Here, then, the two cousins began sharply to differ. On 3rd November, during the debates on the Peace, Pitt rose to rebut the censures of Thomas Grenville on a policy which implied the surrender of the Mediterranean to France. He deprecated these sweeping criticisms; for he had ever been ready to frame a treaty which, though falling short of our just pretensions, was not inconsistent with honour and security. The present terms did not fulfil all his wishes; but the difference between them and the best possible terms was not worth the continuance of war. If both Trinidad and Malta could not be retained, he commended Ministers for choosing Trinidad; for the sight of the Union Jack at Malta would have hurt the pride of France. With regard to the Cape of Good Hope he deemed it a far more important possession than Hawkesbury had represented, though inferior to Ceylon. He deplored our failure to restore the House of Savoy to its capital, Turin; but the chief object of the war, the security of Great Britain, had been attained. True, the restoration of the French monarchy would have furnished a better safeguard for peace; but we had never insisted on it as essential, though it might have been assured if the Allies had fulfilled their duties. As to the future, if the First Consul aimed at founding a military despotism, he probably would not select England as the first object of his attack; and we had every prospect of enjoying a long peace. Remembering, perhaps, that he made the same prophecy early in 1792, he uttered this warning: "I am inclined to hope everything that is good; but I am bound to act as if I feared otherwise." In none of his speeches did Pitt display less foresight.

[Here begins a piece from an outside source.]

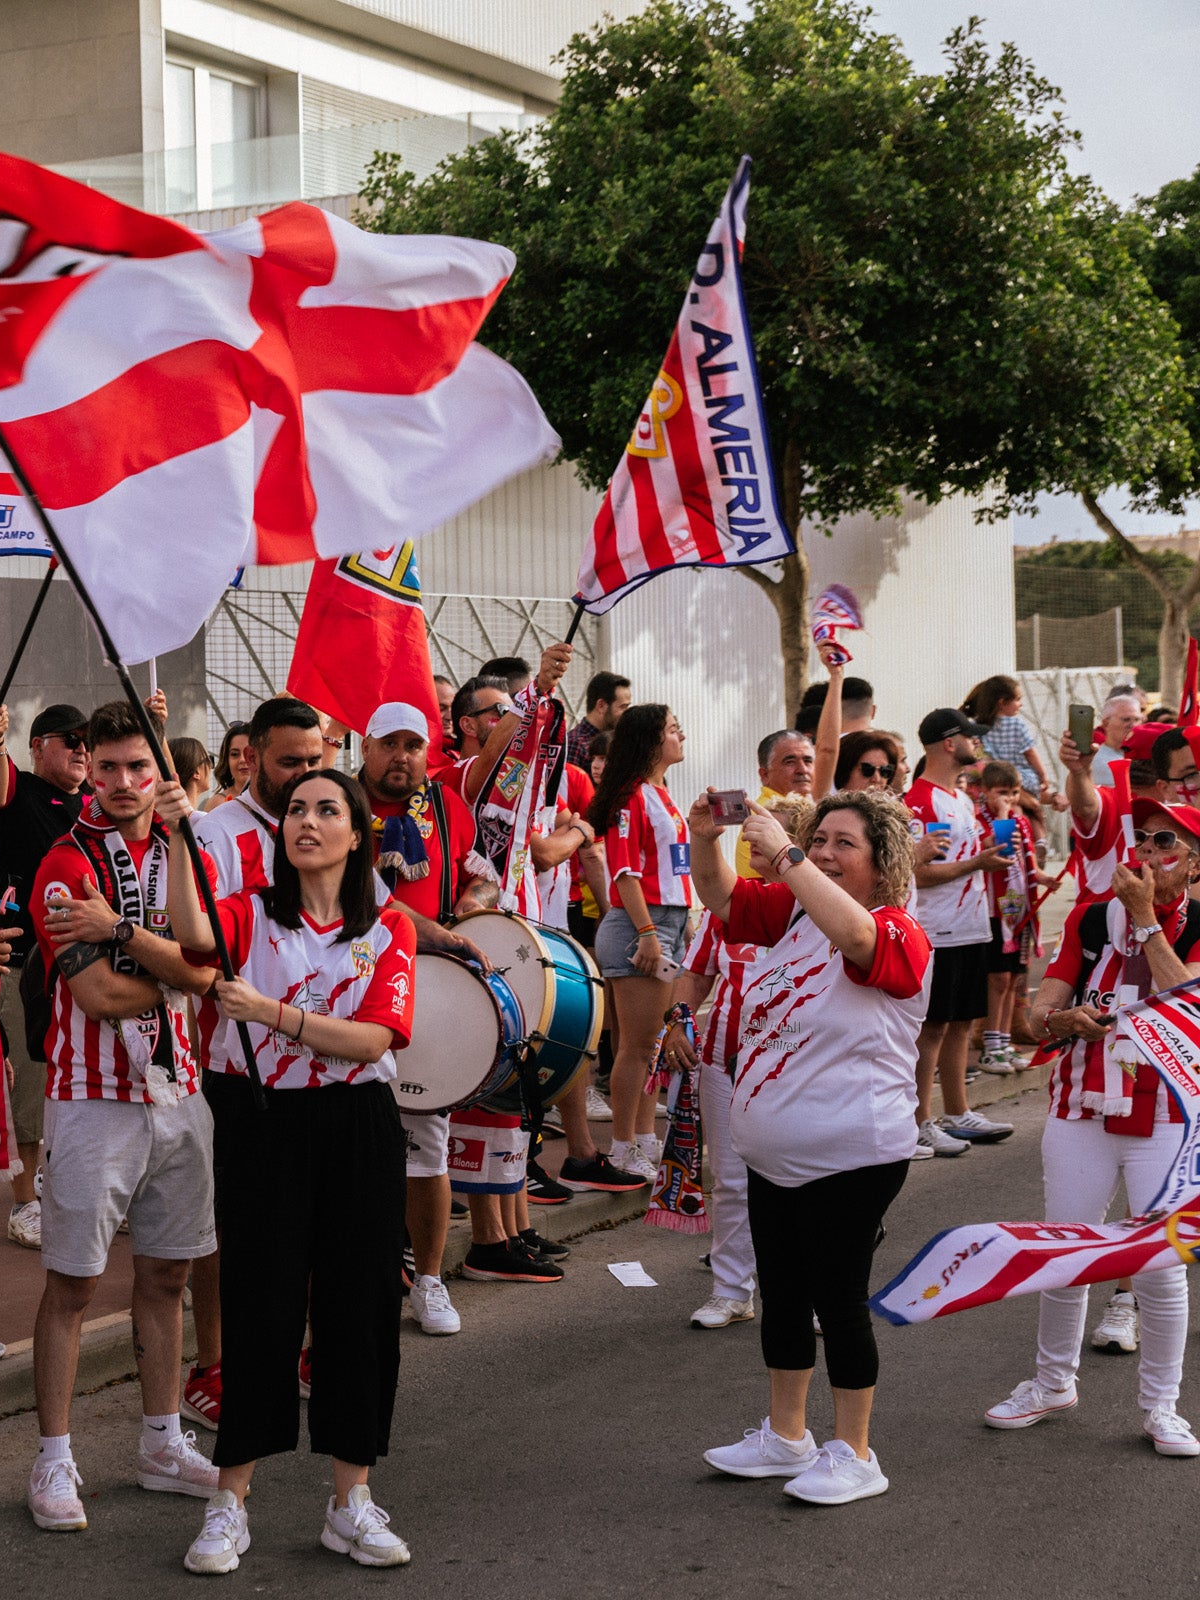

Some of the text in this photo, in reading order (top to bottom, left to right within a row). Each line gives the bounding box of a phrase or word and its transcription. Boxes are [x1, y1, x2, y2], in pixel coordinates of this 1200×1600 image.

The preference of Trinidad to Malta and of Ceylon to the Cape is curious enough; but the prophecy as to a long period of peace and the probable immunity of England from Bonaparte's attack argues singular blindness to the colonial trend of French policy since the year 1798. Despite acrid comments by Fox and Windham, the speech carried the day and firmly established Addington in power.
The sequel is well known. In the interval of six months, during which the aged and gouty Cornwallis sought to reduce the Preliminaries of London to the Treaty of Amiens (27th March 1802), Bonaparte remodelled the Batavian, Ligurian, and Cisalpine Republics in a way wholly at variance with the Treaty of Lunéville. Against these breaches of faith the Addington Cabinet made no protest; and the treaty in its final form provided a complex and unsatisfactory compromise on the Maltese question.[628] Canning and Windham strove to elicit from Pitt a public expression of his disapproval of the treaty; but their efforts were in vain. On 20th April 1802 Canning, while at his country seat, South Hill, Bracknell (Berks), wrote thus to Windham:[629]
... Do not suppose that this is because I have the slightest doubt as to the impression which may be made by pointing out the gross faults and omissions, the weakness, and baseness, and shuffling, and stupidity, that mark this Treaty even beyond the Preliminaries that led to it. But I think people do not want to be convinced of this; that they will not take it kindly, but rather otherwise, to have it forced upon their observation; that, if parted to a division, they will vote for the Treaty with all its imperfections upon its head.... Now as to Pitt himself. He cannot and does not think of this as he did of the Preliminary Treaty. But debate it; and he will, he must, debate as warmly for it. He can take no distinction without seeming to abandon Addington; and that he will not do. He cannot object to any part of the Peace in public, without weakening the grounds upon which he contends peace upon the whole to be preferable to war, and that he will not do. ... Leave it possible for Pitt to say six or eight months hence that the Preliminaries promised well, but that the Treaty did not come up to them. I do not promise you that he ever will say this. But I am fairly persuaded that, if you force from him a public approbation of the Treaty, you defer for at least as many months as have passed since the debates of October, the chance of his coming to see things almost as you and I see them....
April 27 1802.
Since I wrote to you, I have seen Lord Grenville, and I think the plan of action, which he tells me had been concerted between you and him, so perfect, that I retract everything in what I wrote to you (if anything there were) which could be construed as making against it. To debate "about it and about it," as much as you will, to move for papers, to move for taking the Treaty into consideration—all this may be done with great and good effect, but a condemnation of the Treaty, such as would force P[itt] into a defence of it, and identify him with the makers of it, is what of all things is to be avoided. I hope you think so.—Whether P[itt] will save us I do not know. But surely he is the only man that can.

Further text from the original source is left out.